• [Stored data entries]
::::

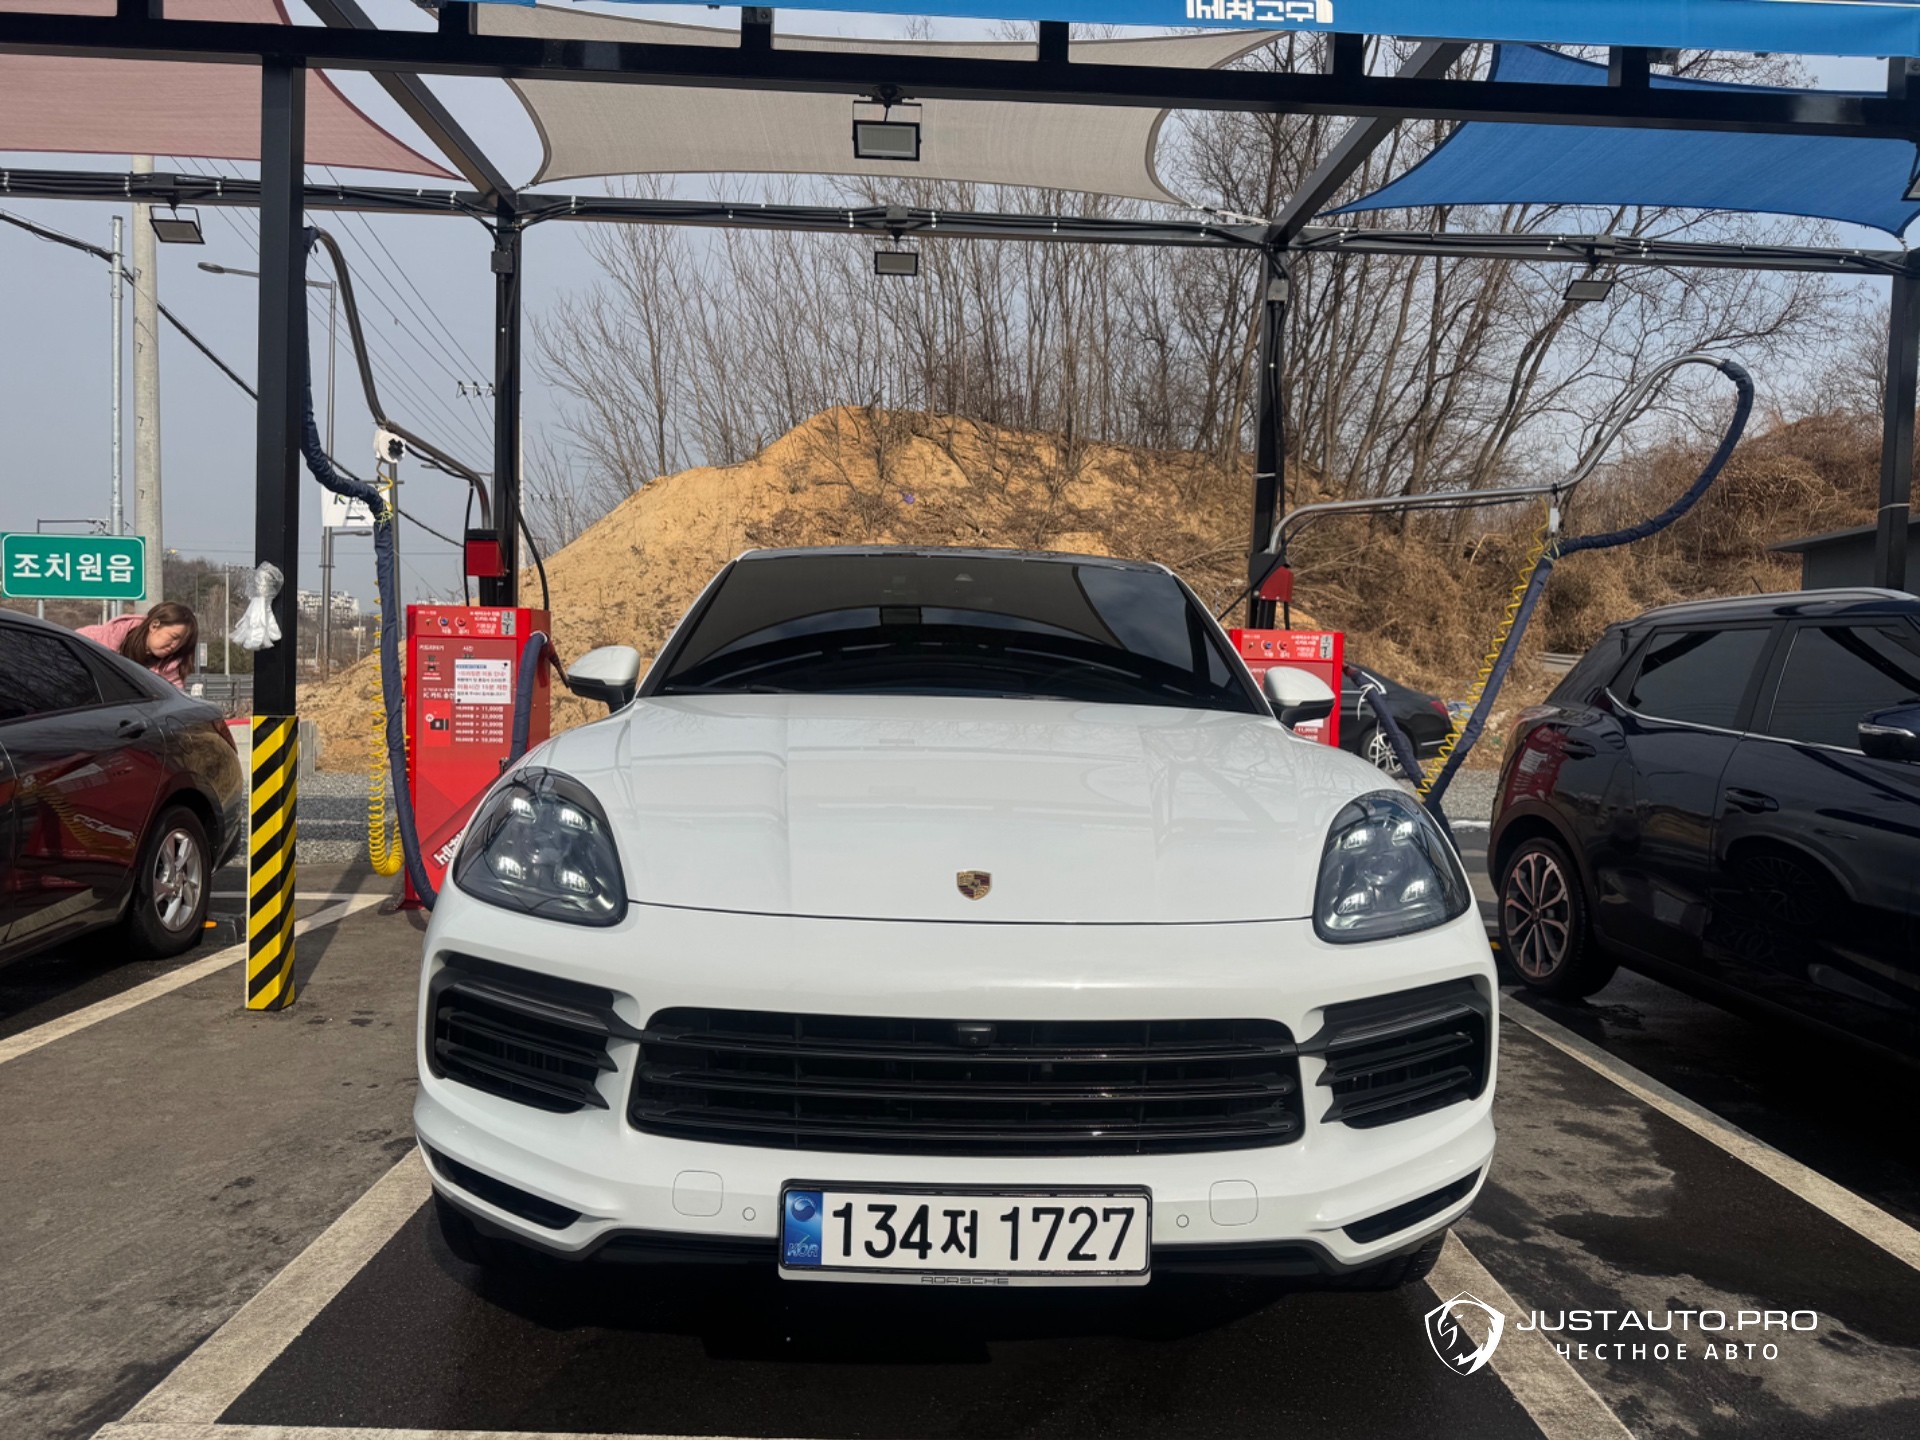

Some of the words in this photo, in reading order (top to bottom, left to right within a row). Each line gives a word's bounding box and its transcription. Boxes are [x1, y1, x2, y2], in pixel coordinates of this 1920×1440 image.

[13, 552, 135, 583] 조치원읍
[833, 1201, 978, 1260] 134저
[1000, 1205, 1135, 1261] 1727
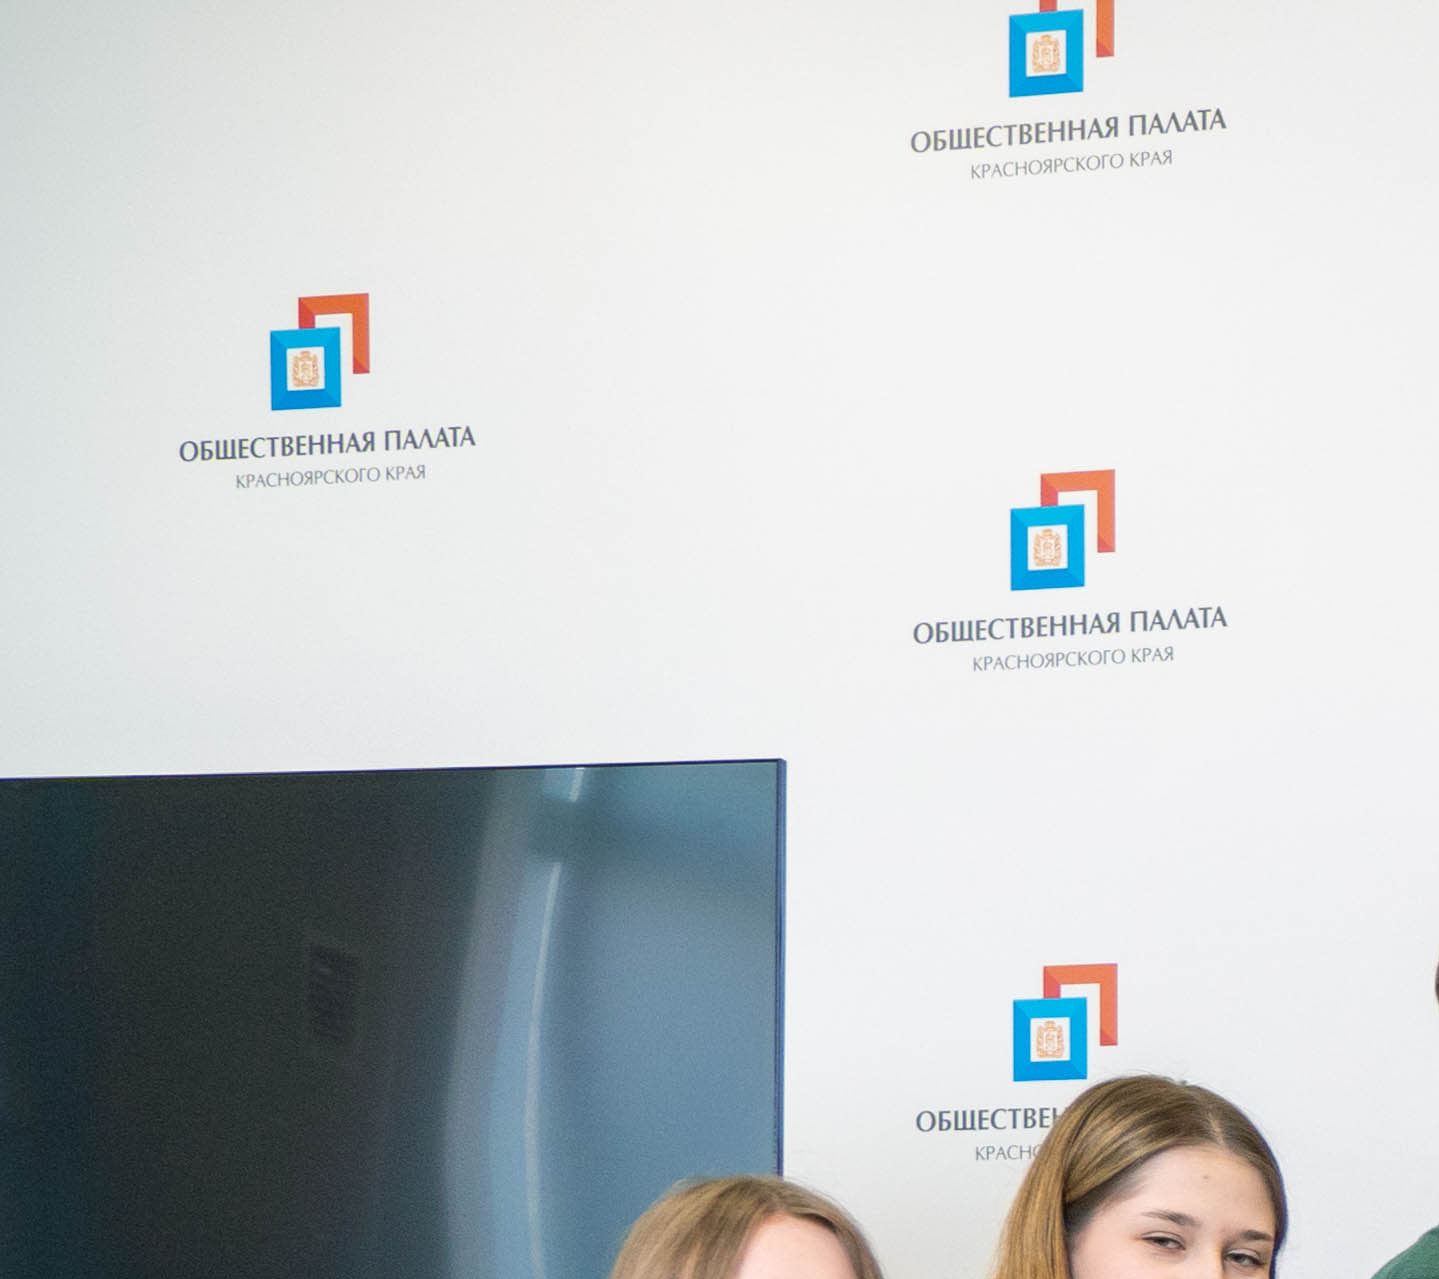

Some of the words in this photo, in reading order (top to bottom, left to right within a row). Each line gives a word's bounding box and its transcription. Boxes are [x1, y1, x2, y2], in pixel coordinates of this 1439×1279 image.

::::

• [PROBLEM STATEMENT] Repeat each line of the records exactly. Do not include the pictures.

• [EXERCISE RESPONSE]
Some of the words in this photo, in reading order (top to bottom, left to right within a row). Each line gives a word's bounding box and its transcription. Boxes are [x1, y1, x2, y2], in pixel coordinates of this 1920×1440 image.

[13, 552, 135, 583] 조치원읍
[833, 1201, 978, 1260] 134저
[1000, 1205, 1135, 1261] 1727

Some of the words in this photo, in reading order (top to bottom, left to right within a row). Each line gives a word's bounding box and its transcription. Boxes are [x1, y1, x2, y2], in pixel coordinates of this 1439×1279 image.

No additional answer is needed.